In chapter twenty-five, Jane seems to suffer from another mental breakdown as she waits for Mr. Rochester to return to Thornshead from his business the night before their wedding. The imagery is very telling of Jane’s inner struggle with self-identity and how to relate to the coming change.
As Jane goes out into the weather, she seeks the walnut tree that is split down the middle. The tree is dead, but still in one piece at the base. This imagery plays well on the context of Jane’s inner feelings. She feels dead inside and without hope of a fruitful future. She seems torn asunder like the tree, unsure of whom she will become. The thought of Mrs. Rochester is as dead to her as the past versions of herself that seem to change with each setting.
In contrast, Jane gathers apples fell by the strong winds. She separates the good ones and places them in the storehouse. Jane wishes to gather all of her best memories and keep them safely stored. The others are wishfully tossed out.
Then, there is the blood moon. Could the author be hinting at the moment to come when Jane loses her virginity? It is a fleeting moment and well placed in the context of the unchanging wind, bending the trees without relief. She sees the wedding dress like a wraith in the closet.

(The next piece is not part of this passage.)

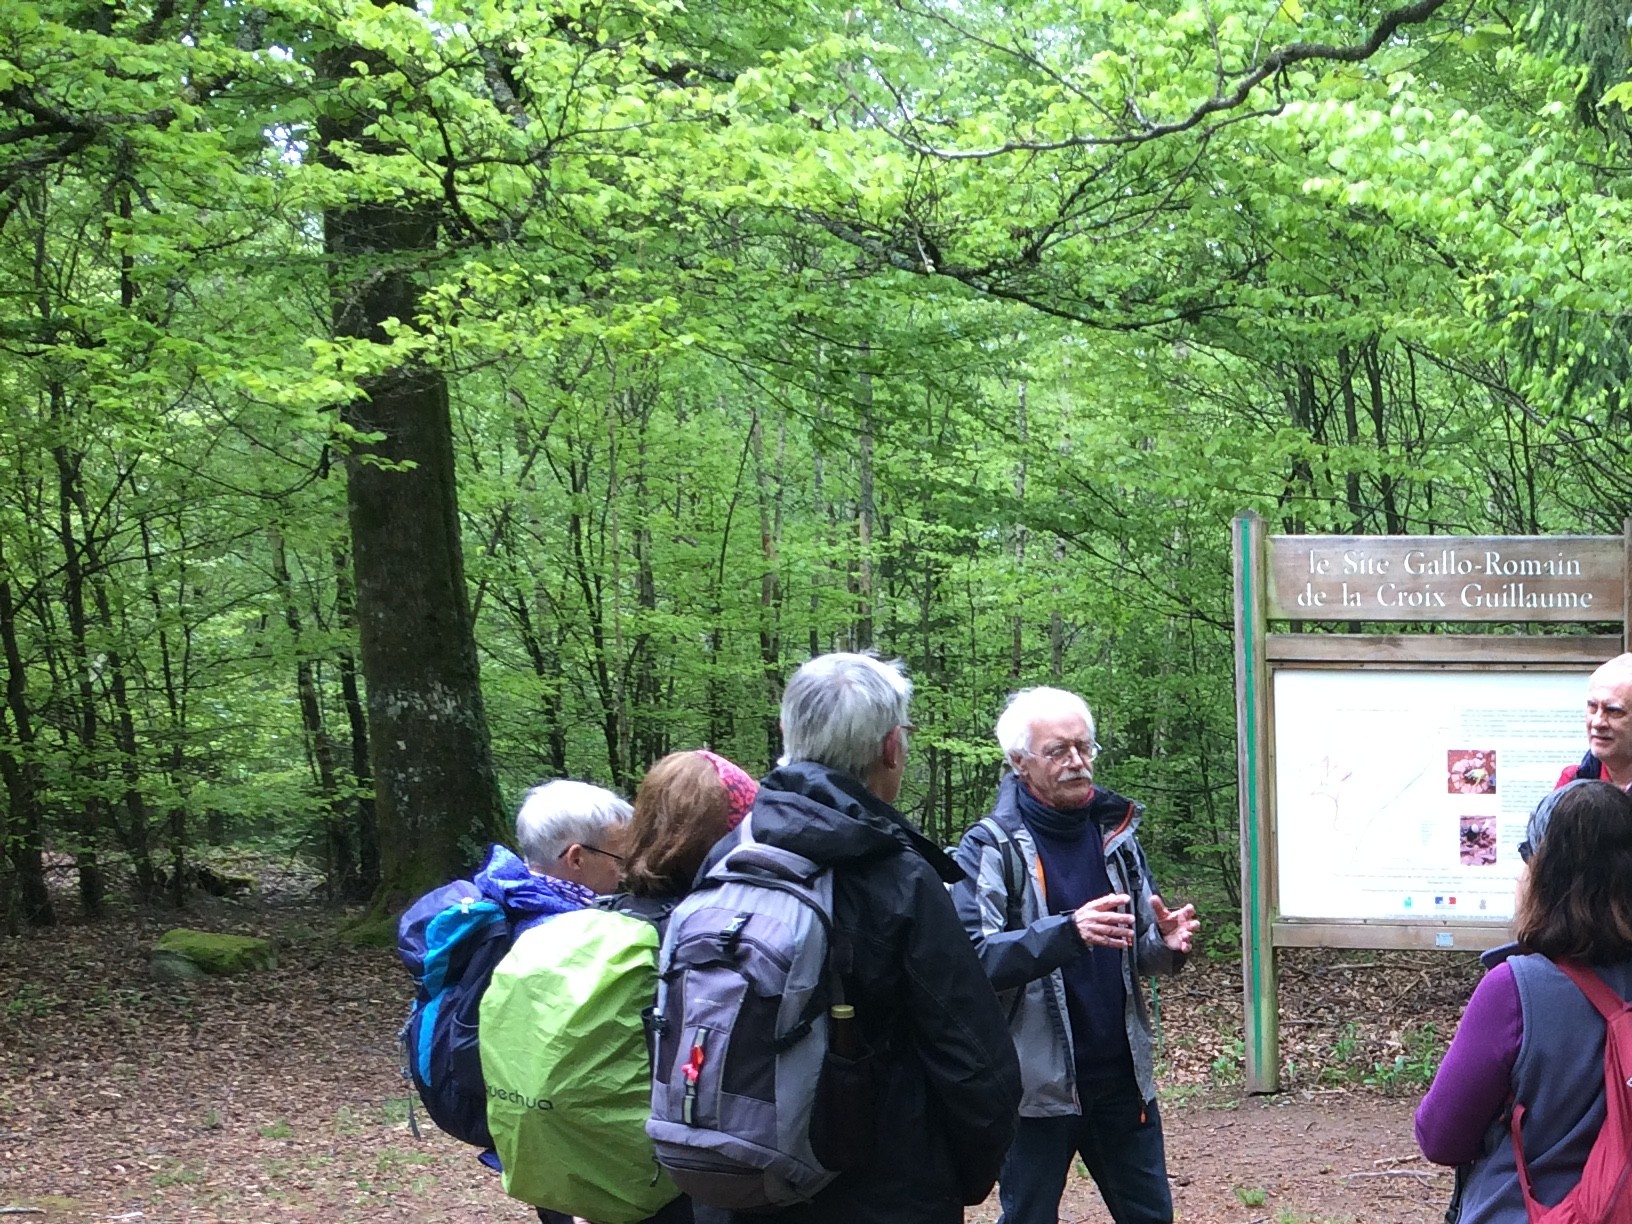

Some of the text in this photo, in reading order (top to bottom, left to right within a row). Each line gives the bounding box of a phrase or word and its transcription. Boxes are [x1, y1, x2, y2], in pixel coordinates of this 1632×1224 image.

[1308, 549, 1581, 576] le Site Gallo-Romain
[1296, 582, 1594, 608] de la Croix Guillaume

The idea that she refuses to label her trunks for their transfer to London affirms her disbelief of happiness.
“…I would wait to be assured she had come into the world alive, before I assigned to her all that property.” Property could also be symbolic of her commitment within her own character.
The madness of her impatience drives her out into the weather. The same can be said of her personality. She is driven into the madness of disbelief and uncertainty of her world as real or imagined. When she meets Mr. Rochester on the road, she seems overly gushing with the welcomed reception.

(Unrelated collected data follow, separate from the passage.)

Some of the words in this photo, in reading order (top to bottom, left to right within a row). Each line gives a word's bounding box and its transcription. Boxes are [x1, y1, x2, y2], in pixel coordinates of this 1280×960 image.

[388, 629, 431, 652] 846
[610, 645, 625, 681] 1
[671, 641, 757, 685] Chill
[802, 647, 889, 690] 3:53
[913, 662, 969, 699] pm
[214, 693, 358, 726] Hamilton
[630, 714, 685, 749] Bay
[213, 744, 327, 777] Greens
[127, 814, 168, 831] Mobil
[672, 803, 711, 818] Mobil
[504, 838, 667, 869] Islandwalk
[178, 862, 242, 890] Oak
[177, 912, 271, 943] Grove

The following conversation between Jane and Rochester almost seems authentic. The description in my mind’s eye finds the exorbitant feelings of happiness a bit higher than I could imagine after a fiancé finds his bride-to-be on the road in the middle of a storm.
I am not sure of Mr. Rochester’s reaction to her story of the ‘vampire.’ Is he genuinely alarmed at the possibility of an encounter with the undead creature? He tells her to sleep with Adele and lock the door from the inside. But yet, he dismisses her descriptions with a believable version of her half-dream as the presence of Ms. Poole.
When will she wake up? Who will she wake up as?